§ Provided data:
----------
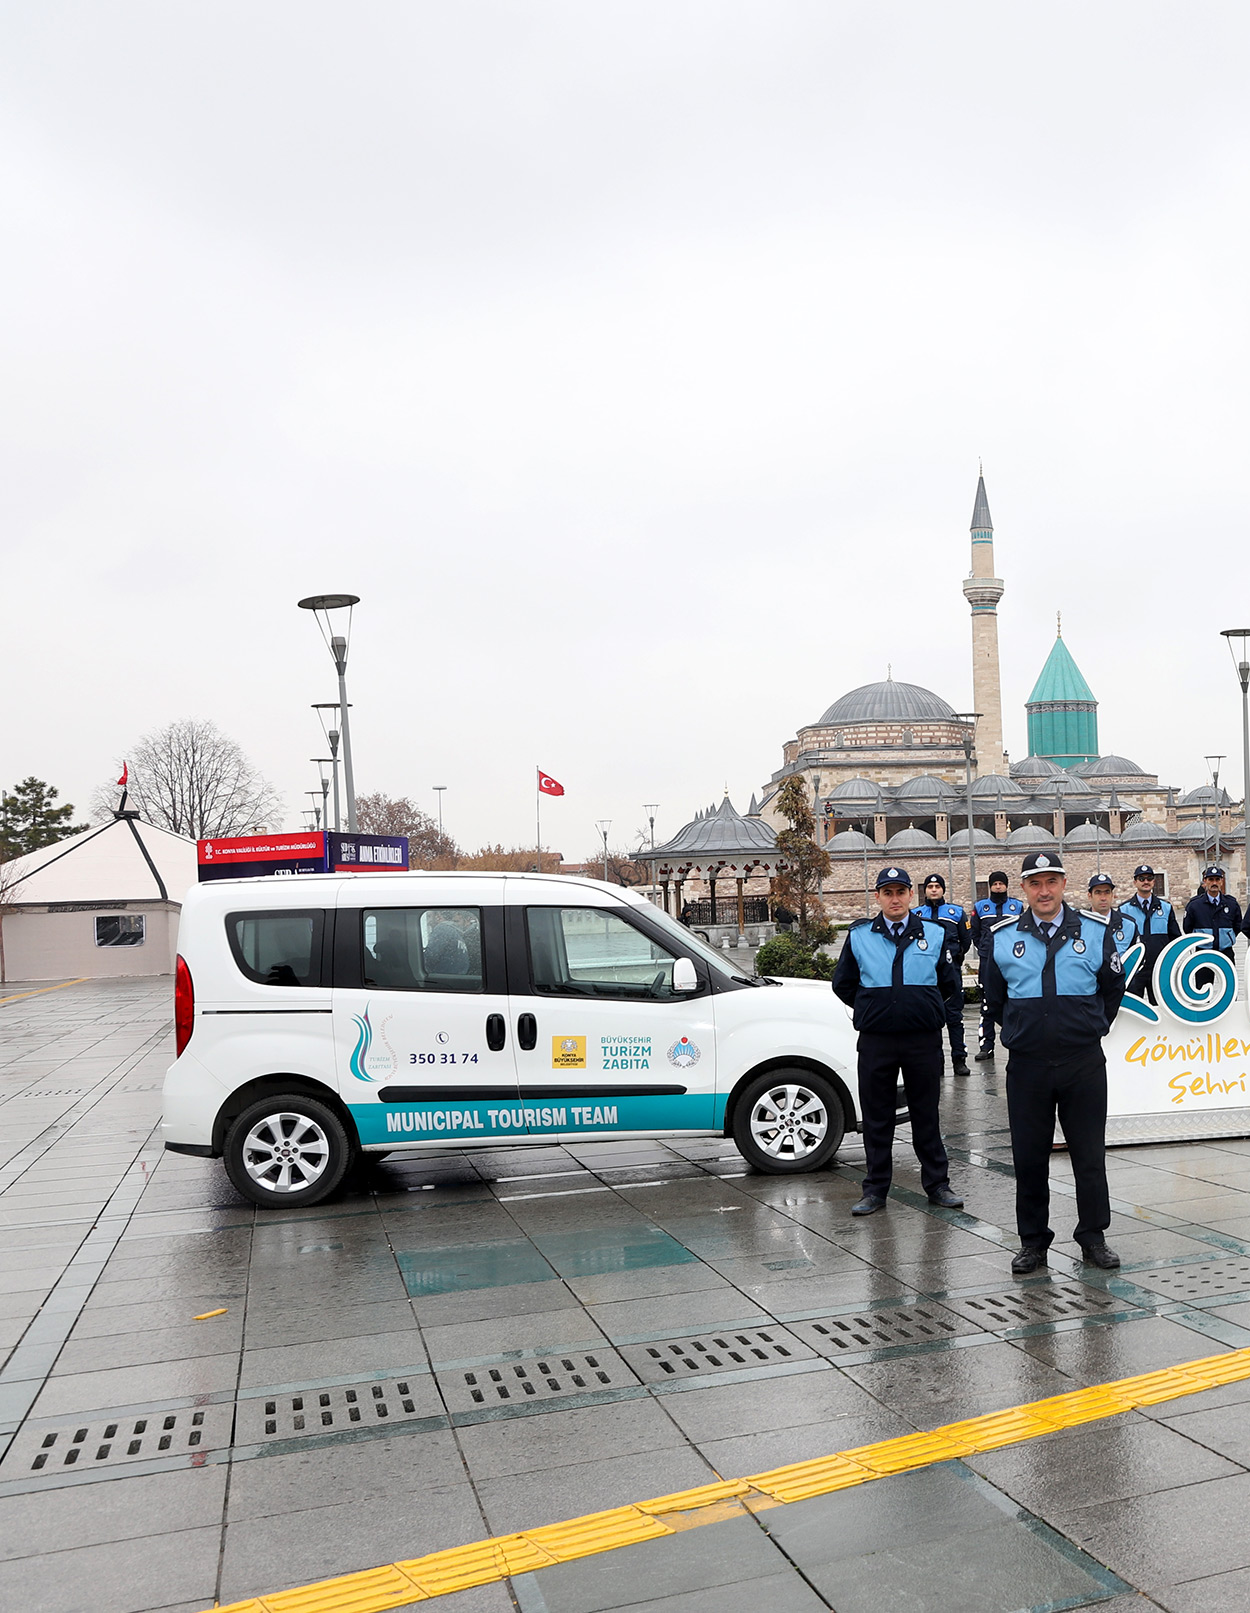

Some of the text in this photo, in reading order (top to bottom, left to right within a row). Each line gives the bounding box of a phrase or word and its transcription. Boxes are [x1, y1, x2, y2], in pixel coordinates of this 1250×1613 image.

[600, 1036, 652, 1044] BÜYÜKŞEHİR
[601, 1046, 651, 1057] TURİZM
[409, 1053, 479, 1064] 350 31 74
[602, 1058, 650, 1070] ZABITA
[1168, 1072, 1247, 1104] Şehri
[386, 1106, 618, 1132] MUNICIPAL TOURISM TEAM
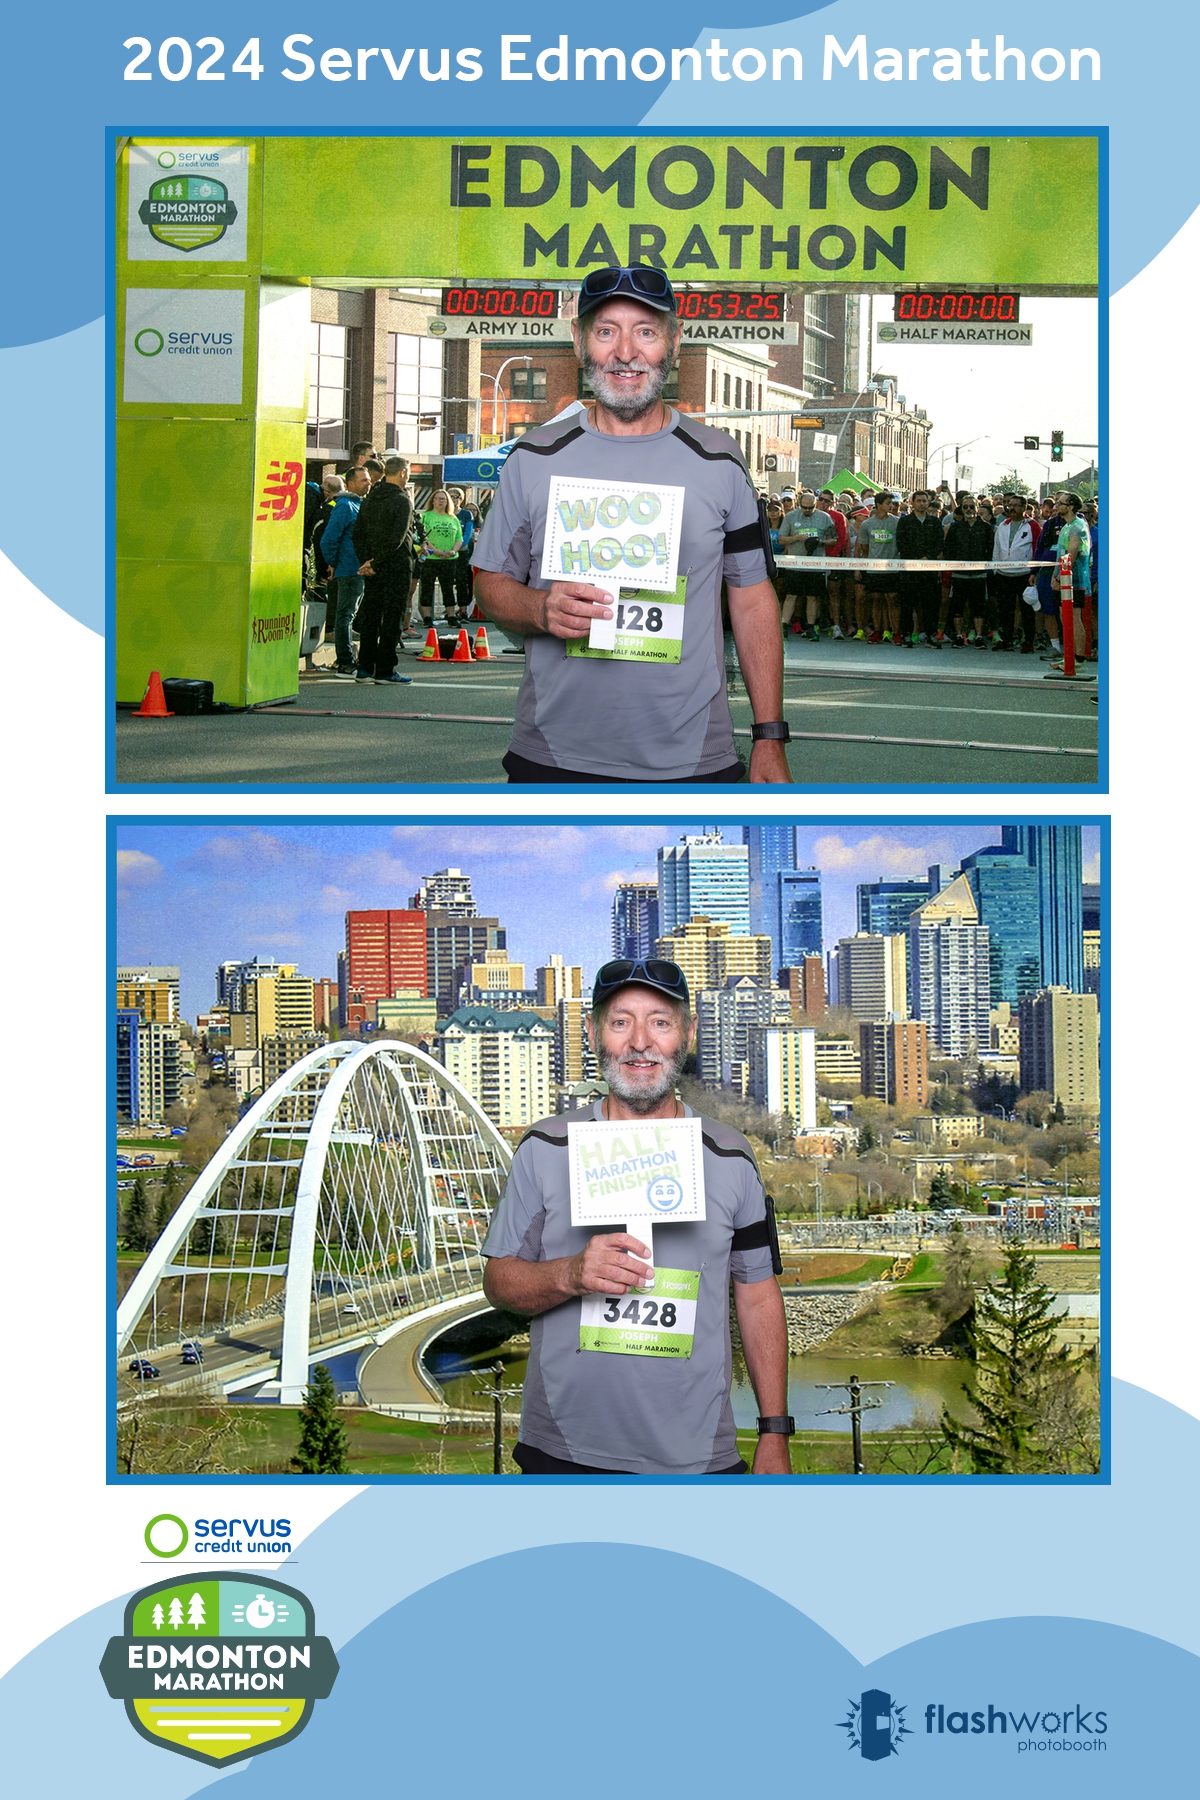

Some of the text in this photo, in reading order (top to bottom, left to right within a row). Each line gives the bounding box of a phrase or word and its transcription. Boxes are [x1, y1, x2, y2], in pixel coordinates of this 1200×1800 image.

[178, 152, 220, 161] servus
[451, 145, 991, 211] EDMONTON
[149, 203, 227, 213] EDMONTON
[160, 214, 215, 222] MARATHON
[523, 223, 907, 271] MARATHON
[465, 321, 555, 336] ARMY 10K
[682, 326, 785, 340] MARATHON
[900, 328, 1031, 341] HALF MARATHON
[168, 332, 233, 345] servus
[168, 345, 233, 355] credit union
[557, 491, 662, 532] WOO
[560, 532, 669, 574] HOO!
[257, 613, 291, 636] Running
[630, 650, 668, 659] MARATHON
[579, 1125, 671, 1169] HALF
[585, 1149, 677, 1182] MARATHON
[587, 1163, 682, 1198] FINISHER!
[603, 1297, 677, 1328] 3428
[619, 1331, 659, 1343] JOSEPH
[644, 1345, 680, 1353] MARATHON
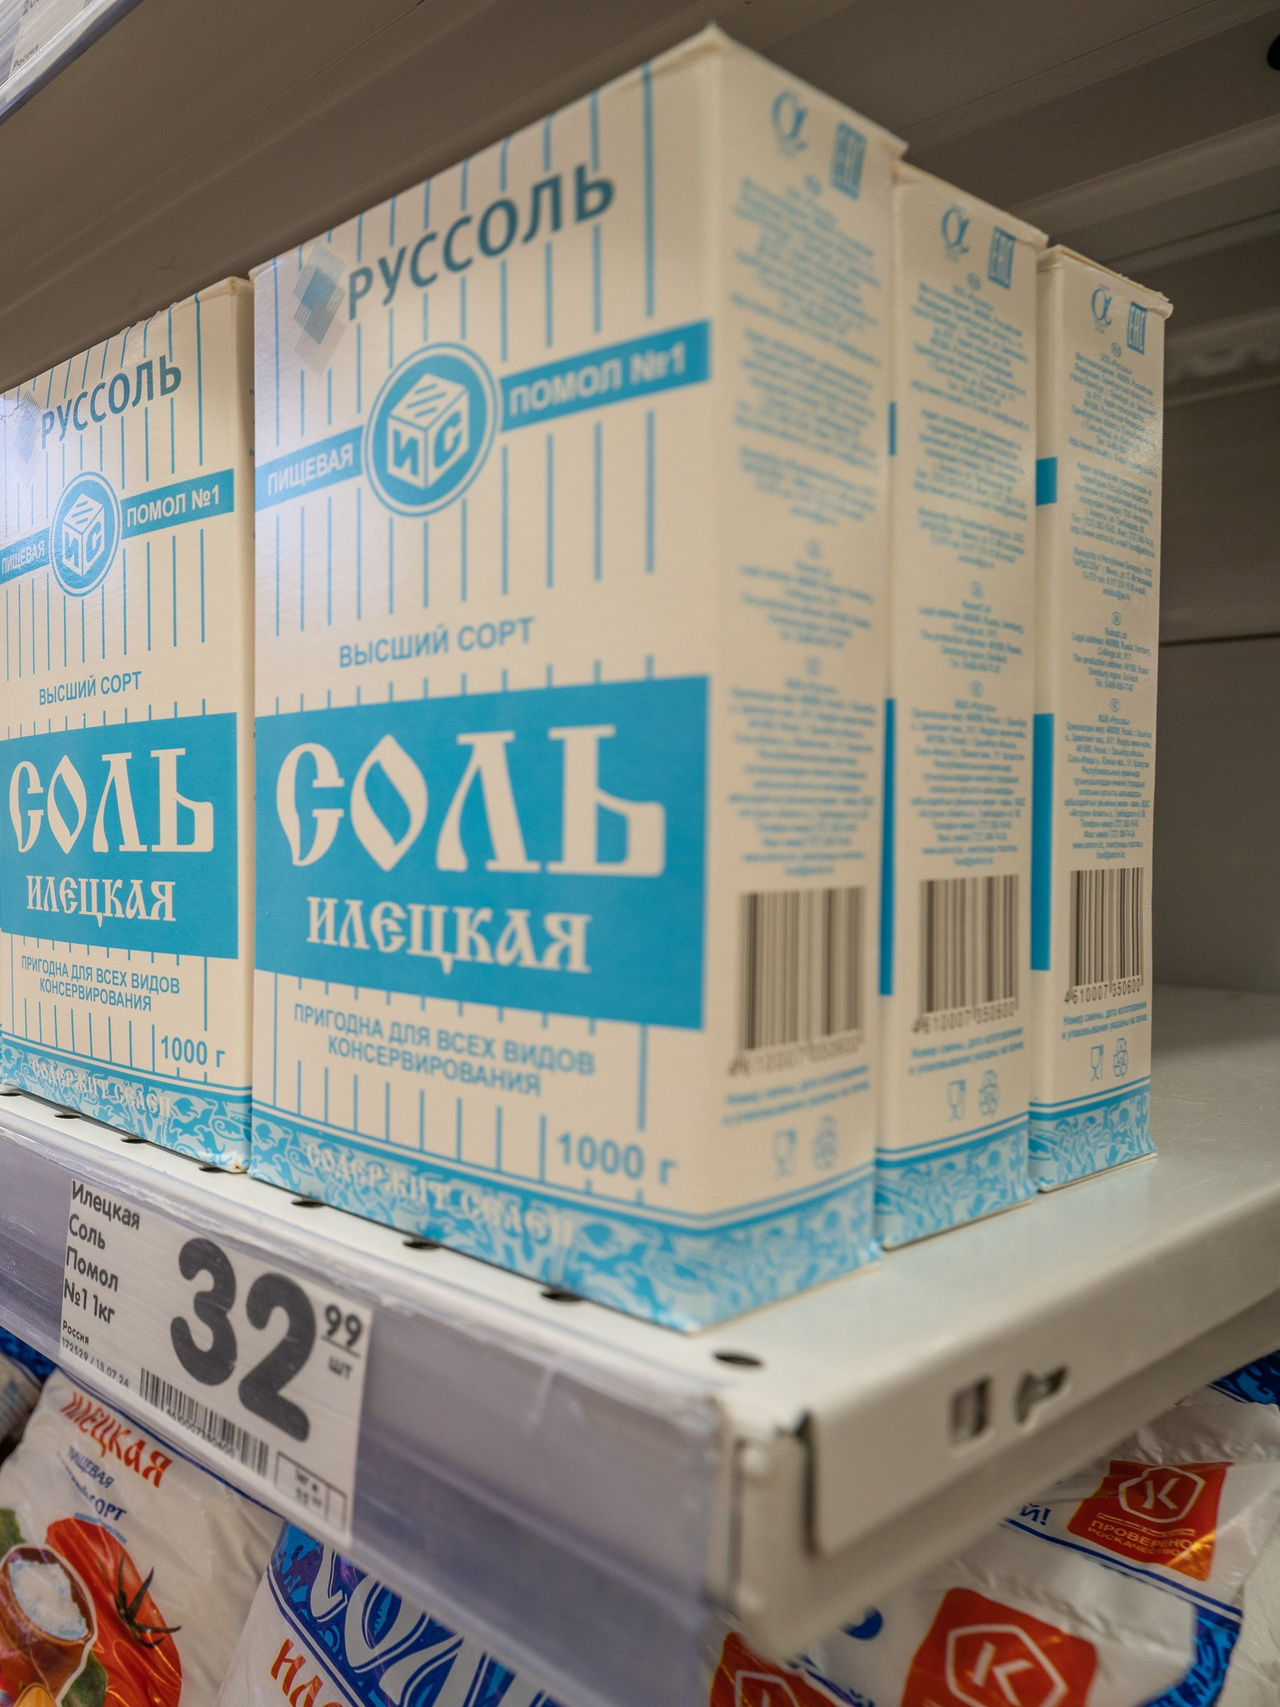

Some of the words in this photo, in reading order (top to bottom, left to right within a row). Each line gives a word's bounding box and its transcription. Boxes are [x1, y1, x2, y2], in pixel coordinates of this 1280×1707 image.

[347, 163, 615, 321] РУССОЛЬ
[41, 354, 182, 450] РУССОЛЬ
[509, 360, 622, 416] ПОМОЛ
[630, 343, 685, 385] №1
[267, 443, 354, 495] ПИЩЕВАЯ
[127, 490, 186, 528] ПОМОЛ
[192, 484, 220, 510] №1
[1, 540, 45, 574] ПИЩЕВАЯ
[339, 624, 449, 668] ВЫСШИЙ
[458, 617, 535, 652] СОРТ
[39, 673, 96, 706] ВЫСШИЙ
[101, 671, 142, 695] СОРТ
[9, 747, 214, 855] СОЛЬ
[276, 724, 666, 877] СОЛЬ
[26, 875, 176, 928] ИЛЕЦКАЯ
[306, 896, 593, 975] ИЛЕЦКАЯ
[21, 956, 70, 978] ПРИГОДНА
[71, 965, 93, 983] ДЛЯ
[96, 968, 127, 988] ВСЕХ
[131, 973, 180, 995] ВИДОВ
[39, 976, 152, 1012] КОНСЕРВИРОВАНИЯ
[160, 1035, 208, 1066] 1000
[216, 1050, 226, 1068] г
[294, 1003, 384, 1039] ПРИГОДНА
[389, 1022, 430, 1048] ДЛЯ
[437, 1028, 495, 1060] ВСЕХ
[503, 1038, 595, 1076] ВИДОВ
[327, 1035, 541, 1097] КОНСЕРВИРОВАНИЯ
[557, 1131, 644, 1180] 1000
[659, 1158, 677, 1185] г
[71, 1181, 141, 1231] Илецкая
[69, 1213, 106, 1250] Соль
[65, 1245, 119, 1293] Помол
[64, 1278, 88, 1310] №1
[93, 1293, 116, 1324] 1кг
[62, 1319, 90, 1345] Россия
[62, 1336, 89, 1362] 172529
[170, 1237, 317, 1443] 32
[324, 1304, 363, 1349] 99
----------
§ Exercise: Restate each entry word for word, please, but drop any images it holds.

§ Answer section:
Some of the text in this photo, in reading order (top to bottom, left to right within a row). Each line gives the bounding box of a phrase or word and its transcription. Boxes are [x1, y1, x2, y2], in pixel coordinates of this 1250×1613 image.

[600, 1036, 652, 1044] BÜYÜKŞEHİR
[601, 1046, 651, 1057] TURİZM
[409, 1053, 479, 1064] 350 31 74
[602, 1058, 650, 1070] ZABITA
[1168, 1072, 1247, 1104] Şehri
[386, 1106, 618, 1132] MUNICIPAL TOURISM TEAM

Some of the text in this photo, in reading order (top to bottom, left to right within a row). Each line gives the bounding box of a phrase or word and its transcription. Boxes are [x1, y1, x2, y2], in pixel coordinates of this 1200×1800 image.

[178, 152, 220, 161] servus
[451, 145, 991, 211] EDMONTON
[149, 203, 227, 213] EDMONTON
[160, 214, 215, 222] MARATHON
[523, 223, 907, 271] MARATHON
[465, 321, 555, 336] ARMY 10K
[682, 326, 785, 340] MARATHON
[900, 328, 1031, 341] HALF MARATHON
[168, 332, 233, 345] servus
[168, 345, 233, 355] credit union
[557, 491, 662, 532] WOO
[560, 532, 669, 574] HOO!
[257, 613, 291, 636] Running
[630, 650, 668, 659] MARATHON
[579, 1125, 671, 1169] HALF
[585, 1149, 677, 1182] MARATHON
[587, 1163, 682, 1198] FINISHER!
[603, 1297, 677, 1328] 3428
[619, 1331, 659, 1343] JOSEPH
[644, 1345, 680, 1353] MARATHON

Some of the words in this photo, in reading order (top to bottom, left to right within a row). Each line gives a word's bounding box and its transcription. Boxes are [x1, y1, x2, y2], in pixel coordinates of this 1280×1707 image.

[347, 163, 615, 321] РУССОЛЬ
[41, 354, 182, 450] РУССОЛЬ
[509, 360, 622, 416] ПОМОЛ
[630, 343, 685, 385] №1
[267, 443, 354, 495] ПИЩЕВАЯ
[127, 490, 186, 528] ПОМОЛ
[192, 484, 220, 510] №1
[1, 540, 45, 574] ПИЩЕВАЯ
[339, 624, 449, 668] ВЫСШИЙ
[458, 617, 535, 652] СОРТ
[39, 673, 96, 706] ВЫСШИЙ
[101, 671, 142, 695] СОРТ
[9, 747, 214, 855] СОЛЬ
[276, 724, 666, 877] СОЛЬ
[26, 875, 176, 928] ИЛЕЦКАЯ
[306, 896, 593, 975] ИЛЕЦКАЯ
[21, 956, 70, 978] ПРИГОДНА
[71, 965, 93, 983] ДЛЯ
[96, 968, 127, 988] ВСЕХ
[131, 973, 180, 995] ВИДОВ
[39, 976, 152, 1012] КОНСЕРВИРОВАНИЯ
[160, 1035, 208, 1066] 1000
[216, 1050, 226, 1068] г
[294, 1003, 384, 1039] ПРИГОДНА
[389, 1022, 430, 1048] ДЛЯ
[437, 1028, 495, 1060] ВСЕХ
[503, 1038, 595, 1076] ВИДОВ
[327, 1035, 541, 1097] КОНСЕРВИРОВАНИЯ
[557, 1131, 644, 1180] 1000
[659, 1158, 677, 1185] г
[71, 1181, 141, 1231] Илецкая
[69, 1213, 106, 1250] Соль
[65, 1245, 119, 1293] Помол
[64, 1278, 88, 1310] №1
[93, 1293, 116, 1324] 1кг
[62, 1319, 90, 1345] Россия
[62, 1336, 89, 1362] 172529
[170, 1237, 317, 1443] 32
[324, 1304, 363, 1349] 99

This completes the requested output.